PENDOLARI LOMBARDI SUL PIEDE DI GUERRA

Pendolari e viaggiatori di tutta la Lombardia che utilizzano il trasporto pubblico ferroviario esasperati dal disservizio che nelle ultime settimane ha toccato livelli assolutamente inaccettabili.
I rappresentanti dei comitati Pendolari Cremaschi e dei viaggiatori lombardi si sono quindi ritrovati e hanno deciso di organizzarsi per una protesta comune. Cominciando a inviare, stamattina, una lettera al presidente di regione Lombardia Roberto Maroni, all'assessore ai Trasporti Alessandro Sorte e all'amministratore delegato di Trenord Cinzia Farisé, per segnalare con un'unica voce l'insopportabile situazione.
“I fatti di queste settimane denunciano un tasso di soppressioni dei treni mai visti prima nella storia di Trenord, tranne che a dicembre 2012, quando il sistema collassò”, è l'esordio.
“Desideriamo esprimere chiaramente il nostro sconcerto – affermano, andando diretti al punto – rispetto a una gestione del servizio pessima e chiedere chiarimenti rispetto alle notizie trapelate in questi giorni tra i viaggiatori e il personale dell'eventualità di una chiusura programmata di intere linee voluta dall'azienda per l'incapacità di far fronte alla situazione di caldo.”
“Ci chiediamo se sia veramente l'afa il problema di un'azienda che opera in Lombardia, le cui estati sono note ai più essere torride – osservano – o forse più un affanno, dovuto a una continua rincorsa di problemi mai risolti.”
“Le attuali difficoltà di un giugno senza pari per disservizi e cancellazioni – sostengono – nascono a parere di chi viaggia tutti i giorni da due problemi strutturali non risolti e forse mai affrontati fuori da pezze messe in emergenza.

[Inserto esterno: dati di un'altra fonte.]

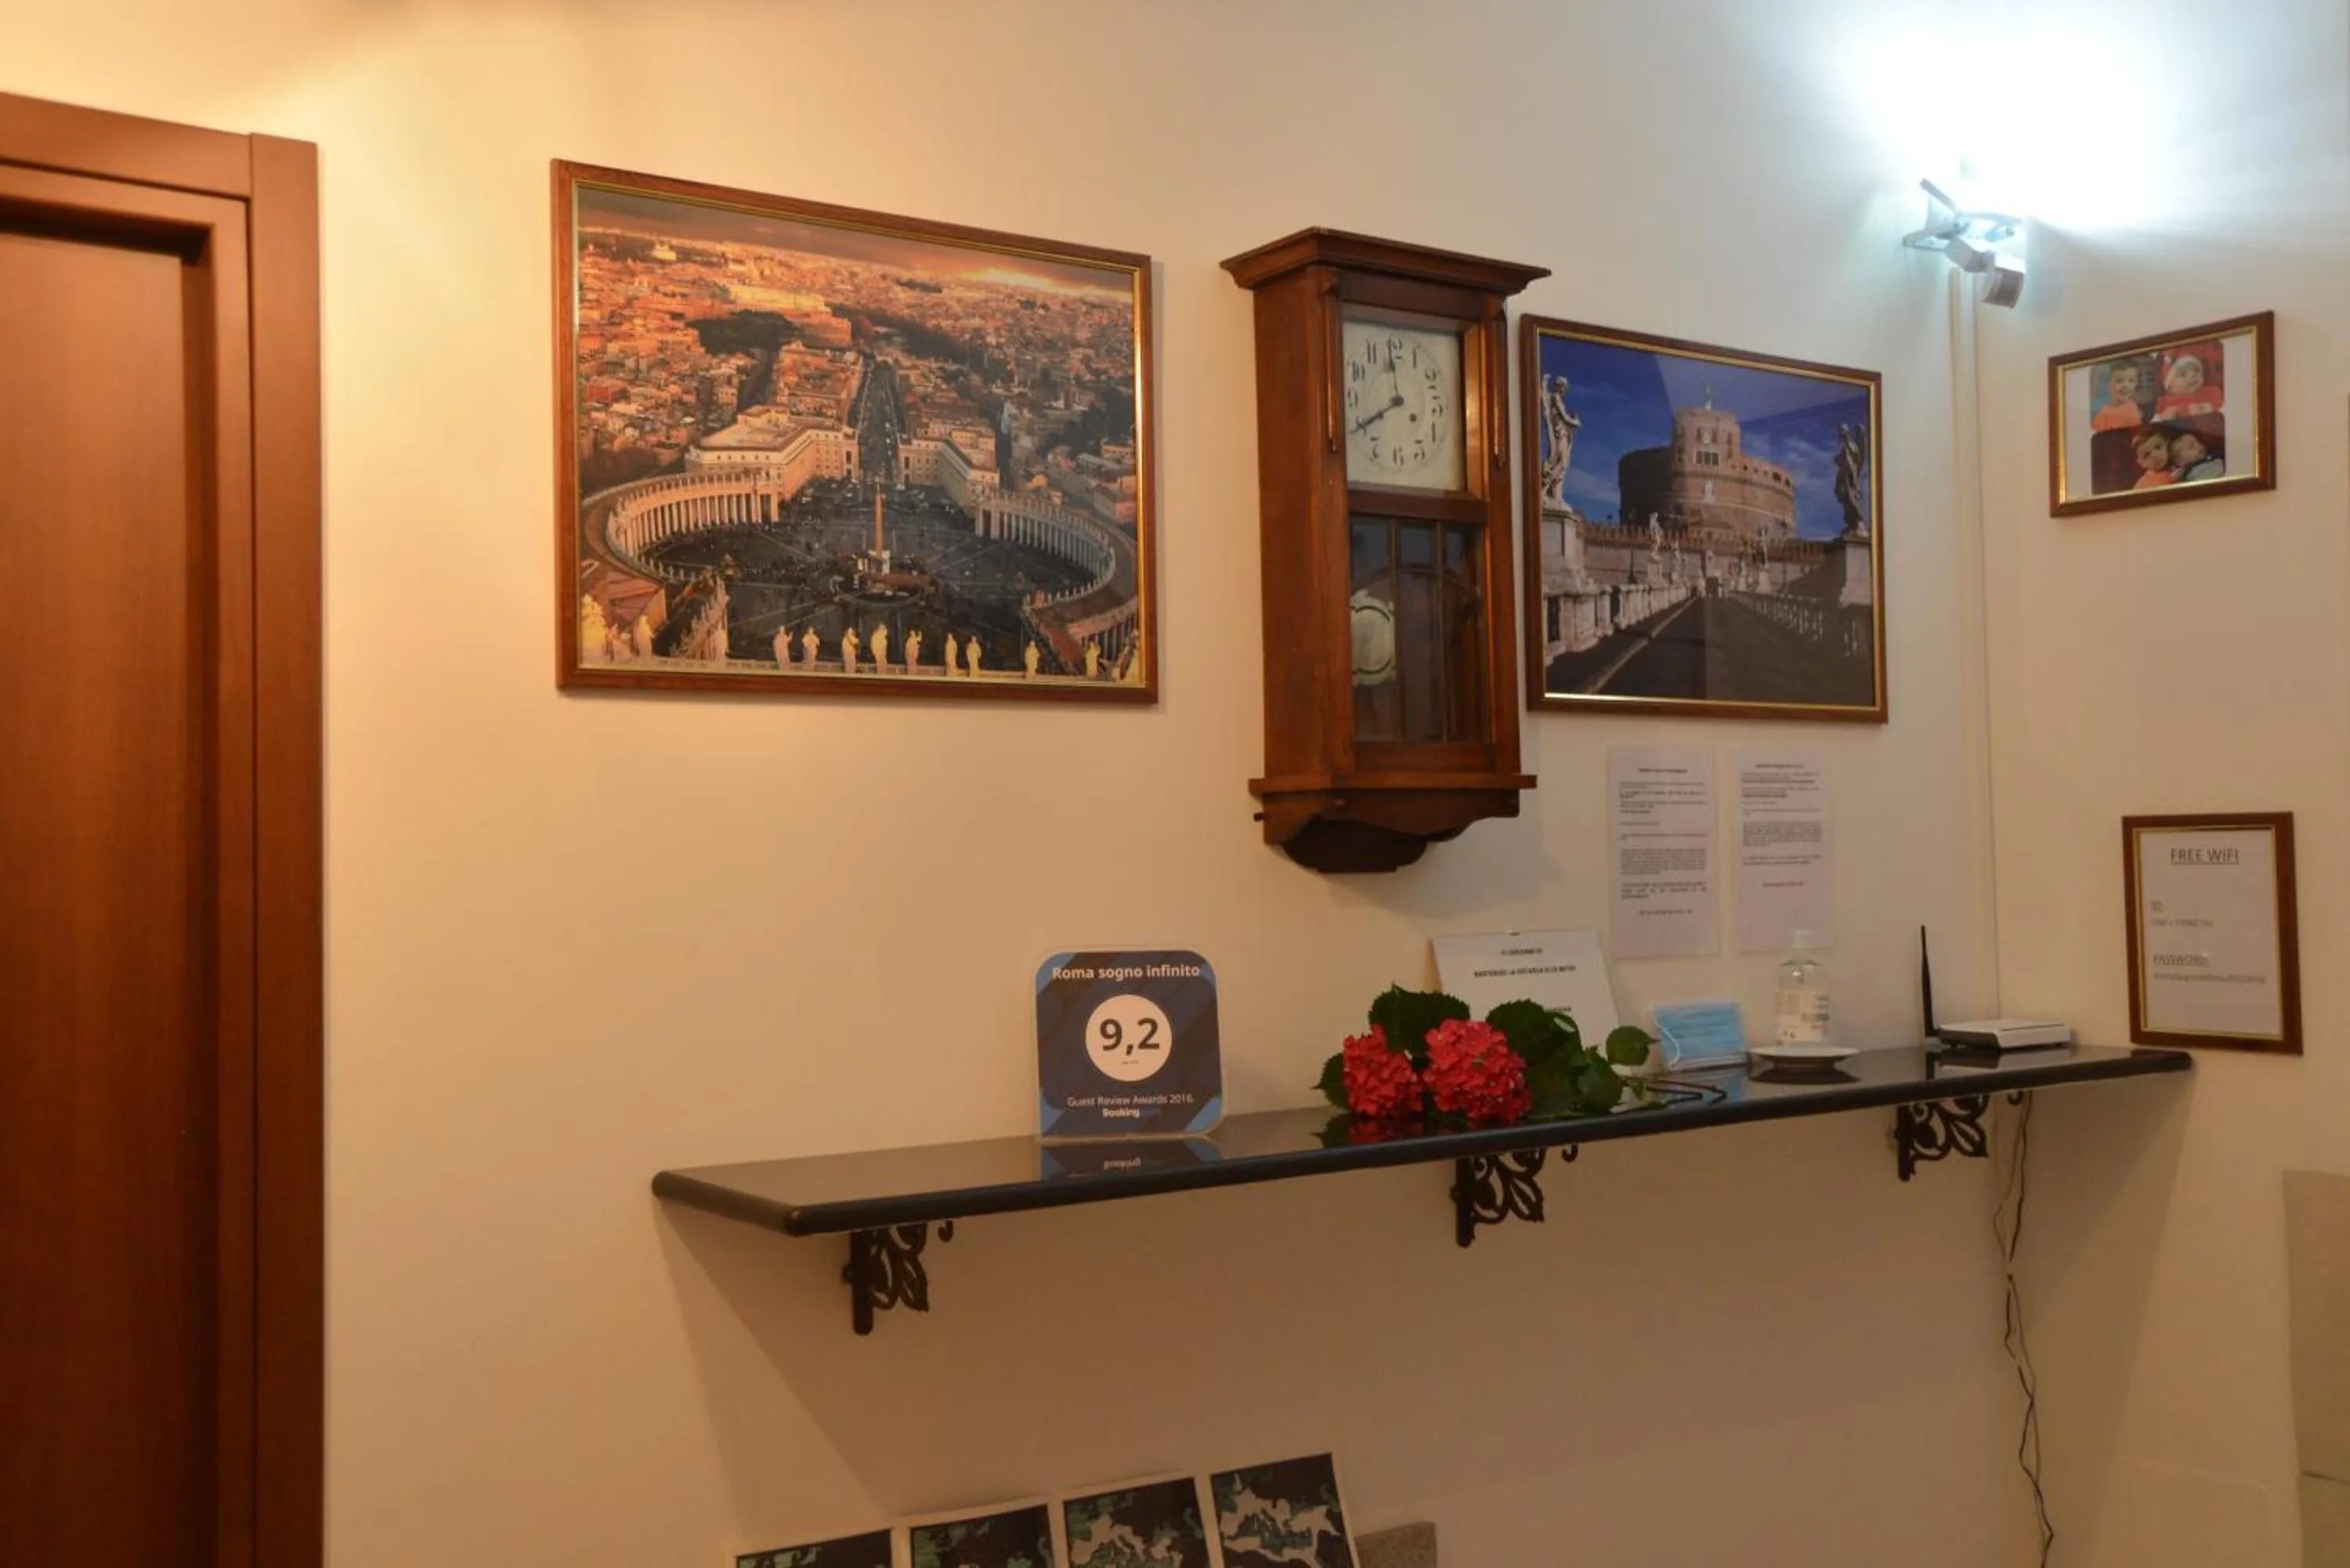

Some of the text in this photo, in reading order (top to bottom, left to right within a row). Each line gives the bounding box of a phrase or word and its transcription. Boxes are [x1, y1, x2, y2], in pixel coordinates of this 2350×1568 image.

Il primo è l'indisponibilità dei treni per evidente inadeguata e insufficiente manutenzione.”
La motivazione sempre invocata dell'età vetusta del materiale rotabile a detta dei comitati pendolari e dei viaggiatori è inconsistente.
“Ben venga il materiale nuovo – osservano – ma questo richiede ancora più manutenzione del vecchio a causa della maggiore complessità tecnologica e impiantistica. Ne è una prova il numero di soppressioni registrate su linee gestite con materiali appena acquistati da Regione, treni delle serie più recenti che girano con l'aria condizionata guasta o che perdono acqua di condensa sui sedili o che girano con porte guaste per successivi giorni interi.”
“Il secondo problema strutturale, addirittura più grave del precedente – aggiungono – è l'indisponibilità cronica di personale viaggiante che si fa immancabilmente evidente nei tradizionali periodi di vacanza, come i giorni di Natale 2016 o il primo gennaio 2017, con picchi di cancellazioni che non possono essere attribuite ai guasti e a un'azienda sana.”
“Tale motivazione è testimoniata dalle spesso annunciate soppressioni dei convogli con diverse ore di anticipo e quindi non certo riconducibili a improvvisi guasti del materiale”, fanno osservare.
“Chiediamo a Regione – sostengono espliciti – che si faccia garante del rispetto del Contratto di Servizio da parte dell'azienda che ha firmato a fronte di 450 milioni di euro di denaro pubblico che ogni anno i cittadini impegnano per ottenere risultati sul servizio non paragonabili all'investimento fatto.”
“Chiediamo a Trenord – dicono altrettanto chiaramente – di rendere conto alla collettività dei due problemi strutturali sopra esposti, che vengano seriamente affrontati e non mascherati da una serie di spot autocelebrativi o trattati con inefficaci palliativi in emergenza messi in atto dalle tanto decantate task force.”
E nel ribadire di volere “un'azienda – che non necessariamente si debba chiamare Trenord… – che si dimostri adeguata a gestire il contratto di servizio più virtuoso e remunerativo d'Italia e che sappia vincere la partita con i giocatori a disposizione senza scaricare continuamente su altri le proprie responsabilità”, pendolari e viaggiatori chiedono “alla politica tutta e soprattutto al Governo Regionale attenzione a questo tema e consapevolezza del valore e dell'indispensabilità che un Servizio Ferroviario efficiente ha per la nostra regione, e che non si sottragga al suo compito di governance dato dal ruolo di titolare dei servizi ferroviari, della rappresentanza degli interessi del territorio e dalla posizione di forza di chi remunera il servizio e lo ha sempre puntualmente finanziato e può e deve chiamare politicamente i responsabili di tale situazione a rispondere del loro operato”.